Hi,
After upgrade from 7.3 to 7.4 APM-Servers are failing with common error
Failed to publish events: temporary bulk send failure and Queue is full
this is a very busy system and we have 6 APM servers and 5 ELK servers
During peak times we have around 1000-1500/s Total Events Rate per APM server
server config is: 8CPU, 40GB Ram, fast SSD/NVMe storage
i went tonz of time through this "common problem" page:
https://www.elastic.co/guide/en/apm/server/master/common-problems.html#queue-full
please let me know if i am doing something wrong and/or if i can do something to fix this Queue issue on ELK and/or APM server
i was playing with bulk_max_size and workers and queue.mem.events and at the end it always fails
i dont have any problem with logstash servers which are also heavily used
Many thanks
Tomislav
Kibana version: 7.4
Elasticsearch version: 7.4
APM Server version: 7.4
APM Agent language and version: elasticapm-java/1.10.0
Fresh install or upgraded from other version?

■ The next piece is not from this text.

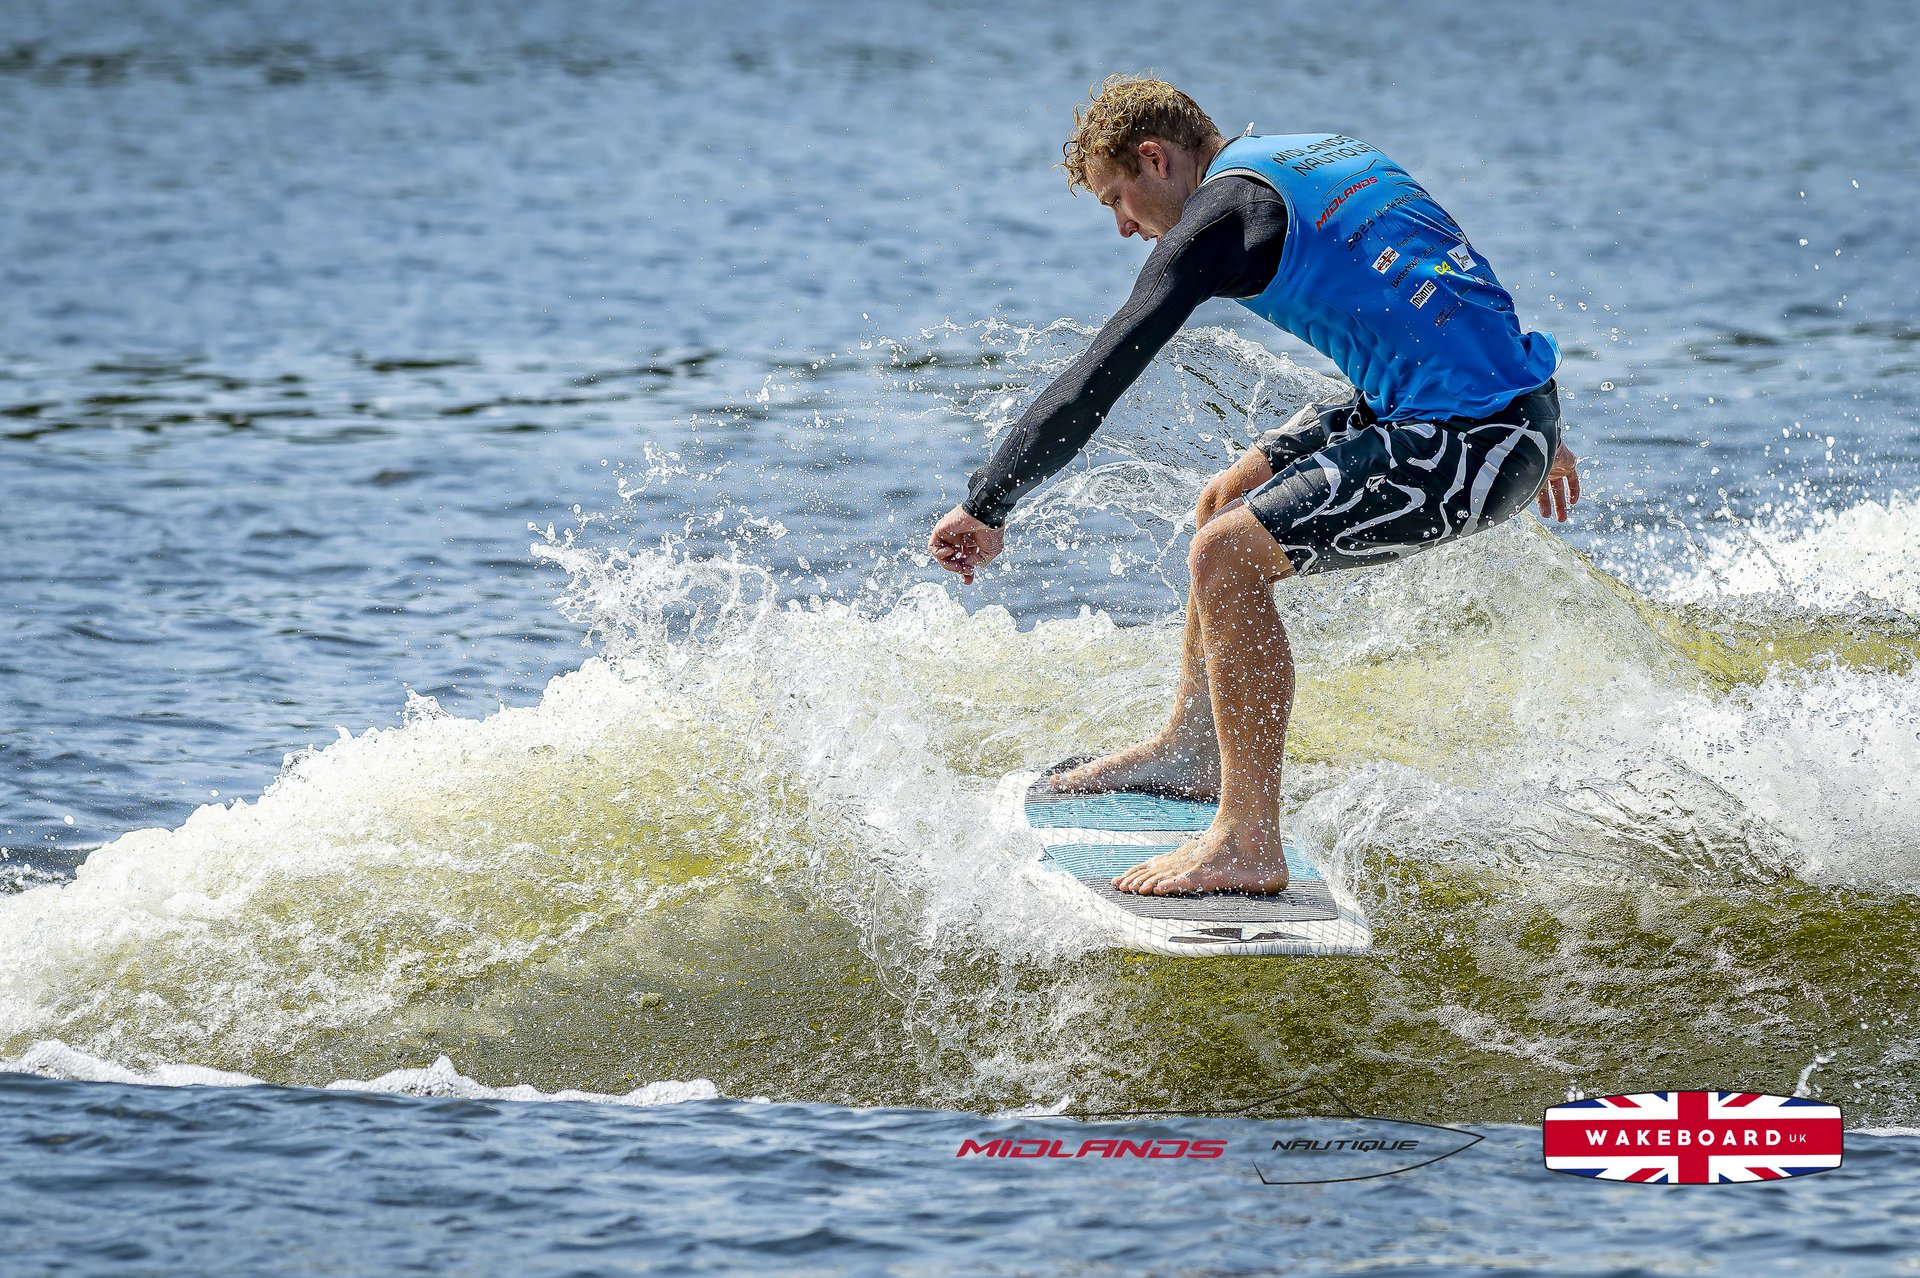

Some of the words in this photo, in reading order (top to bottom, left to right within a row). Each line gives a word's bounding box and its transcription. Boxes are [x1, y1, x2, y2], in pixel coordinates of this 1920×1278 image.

[1273, 135, 1355, 165] MIDLANDS
[1315, 176, 1378, 231] MIDLANDS
[1411, 281, 1436, 308] MANTIS

Upgraded from 7.3
Oct 9 18:16:30 elksrv01 apm-server: 2019-10-09T18:16:30.709+0200#011ERROR#011pipeline/output.go:121#011Failed to publish events: temporary bulk send failure
Oct 9 18:16:30 elksrv01 apm-server: 2019-10-09T18:16:30.762+0200#011ERROR#011[request]#011middleware/log_middleware.go:74#011queue is full#011{"request_id": "54c3149c-15c8-4737-851c-cddbb1876799", "method": "POST", "URL": "/intake/v2/events", "content_length": 2955, "remote_address": "10.10.20.22", "user-agent": "elasticapm-java/1.10.0", "response_code": 503, "error": "queue is full"}
Oct 9 18:16:30 elksrv01 apm-server: 2019-10-09T18:16:30.813+0200#011ERROR#011[request]#011middleware/log_middleware.go:74#011queue is full#011{"request_id": "ed1882eb-0ea1-4b8d-985f-6db1bc3e02e7", "method": "POST", "URL": "/intake/v2/events", "content_length": 36128, "remote_address": "10.10.30.23", "user-agent": "elasticapm-java/1.10.0", "response_code": 503, "error": "queue is full"}
Oct 9 18:16:30 elksrv01 apm-server: 2019-10-09T18:16:30.891+0200#011ERROR#011pipeline/output.go:121#011Failed to publish events: temporary bulk send failure
Oct 9 18:16:30 elksrv01 apm-server: 2019-10-09T18:16:30.922+0200#011ERROR#011pipeline/output.go:121#011Failed to publish events: temporary bulk send failure
Oct 9 18:16:31 elksrv01 apm-server: 2019-10-09T18:16:31.424+0200#011ERROR#011[request]#011middleware/log_middleware.go:74#011queue is full#011{"request_id": "dc8715ad-d144-43fb-aee3-21f39f4d4872", "method": "POST", "URL": "/intake/v2/events", "content_length": -1, "remote_address": "10.10.20.27", "user-agent": "java-agent/1.6.1", "response_code": 503, "error": "queue is full"}
config file:
apm-server:
host: "10.10.10.11:8200"
idle_timeout: 60s
read_timeout: 45s
max_connections: 0
output.elasticsearch:
hosts:
- 10.10.10.11:9200
- 10.10.10.12:9200
- 10.10.10.13:9200
- 10.10.10.14:9200
- 10.10.10.15:9200
bulk_max_size: 10240
max_retries: 12
worker: 8
username: "elastic"
password: "XXXXXXXXXXXXXXXXXXXXX"
queue.mem.events: 81920
pipeline: "_none"
logging.to_syslog: false
logging.level: error
logging.to_files: true
logging.files:
path: /var/log/apm-server
name: apm-server
keepfiles: 7
permissions: 0644
xpack.monitoring.enabled: true
xpack.monitoring.elasticsearch:
Optional protocol and basic auth credentials.
#protocol: "https"
username: "apm_system"
password: "XXXXXXXXXXXXXXXXXXXX"